Appetizer: Chilled Pear and Mint Soup
Entree: Saute Filet of Beef and Shrimp (garden herbs and first tomato sauce)
The heat came with a vengeance this week. It took its toll on my equipment, knocking out my dairy cooler, pantry cooler in the main kitchen, and my convection oven figured everyone else was leaving and it was out of commission also.
The dairy cooler needs to be replaced, the other two I will be able to repair. Learning how to deal with these situations and at the same time working in extreme conditions is simply part of this profession. What you want is for all the guest to think everything is just peaches and cream. Feeling stress from anyone is not part of a relaxing night out. For a chef what experience means is not having a good plan to operate, experience is really having a good backup plan. The unusual photo of the ceramic pot is my replacement for the convection oven, which is critical to my menu. How do you make one? Go to Ikea and buy a glazed pot from Vietnam, and while you are there go to the cabinet section and pick out a nice ceramic door handle for a dollar. Pick up a long stem thermometer in the cooking section while your at it. You will need a large cast iron pan, with a flat cast iron pan that you drill about a dozen holes in to put on top of it. I got mine at Dunkleburgers. Put this all together and with a flame from the range underneath it, it holds a perfect 450f and can cook 4 filets medium rare in 8 minutes. If you throw wood chips in the bottom it will smoke whatever you want (scallops are best) in no time. Having a plan for any possible failure is part of proper mise en place. Power failure? Knowing what the drill is when the lights go out(and they will) is part of being ready. Improvising is not limited to the musicians at the Deer Head.
So how hot was it? As a person that has been in some brutal kitchens over the past 40+ years I would like to make a survival check list for the young folk so they can be a miserable old bastard like me one day. Things to remember when it don't feel like december
1. Do not drink any caffeine, sweetened beverages or alcohol. stick with ice water. all the others will dehydrate you and make you stupid, which leads to more mistakes.

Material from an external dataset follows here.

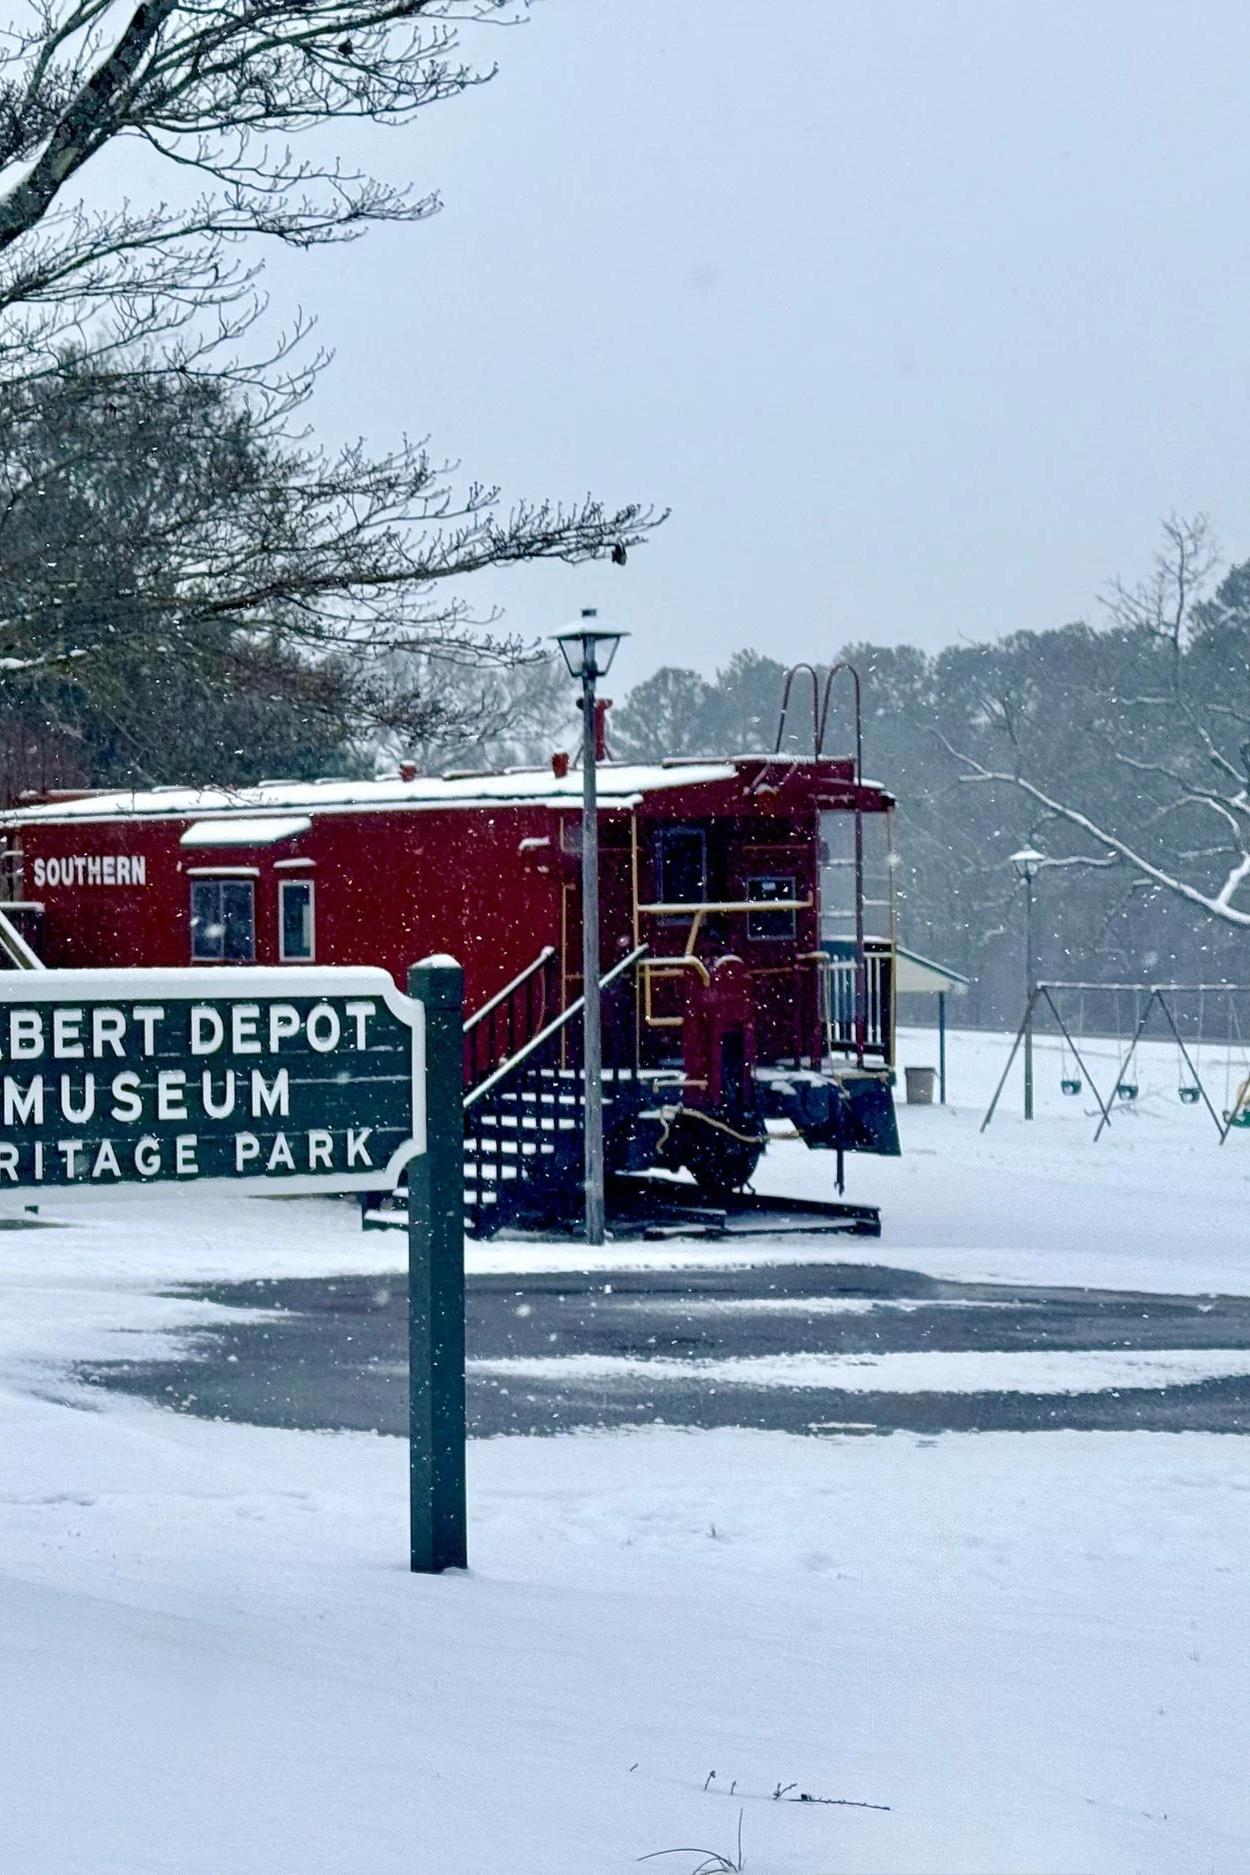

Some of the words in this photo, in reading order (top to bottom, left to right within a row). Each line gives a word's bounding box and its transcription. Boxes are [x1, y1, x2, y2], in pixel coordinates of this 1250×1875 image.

[33, 855, 146, 886] SOUTHERN
[191, 1003, 376, 1055] DEPOT
[3, 1068, 290, 1125] MUSEUM
[235, 1129, 373, 1172] PARK

2. Do not look at any thermometers or pay attention to the temp in the kitchen. It does you no good. I equate it to looking at the speedometer of a plane in a nosedive. Do you feel better knowing you will die at 750mph? Would 900mph make you feel better about it. The damage to your mind is far worse than what your body is going through.

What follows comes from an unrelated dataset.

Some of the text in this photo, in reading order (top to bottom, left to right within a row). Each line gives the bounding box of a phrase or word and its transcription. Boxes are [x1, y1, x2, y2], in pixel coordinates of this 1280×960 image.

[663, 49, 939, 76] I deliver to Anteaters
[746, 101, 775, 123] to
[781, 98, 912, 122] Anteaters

3.Shut up and don't complain. The hot air coming out of your mouth is only raising the temp around you. Besides, you were the one that decided to work in a kitchen
4.Putting a tatoo of an icecube on your ass will not prevent your sweat from flowing in that direction, use cornstarch instead. Boxes and boxes of cornstarch.
I could go on but I feel my temperature rising again, stay cool everybody, I am!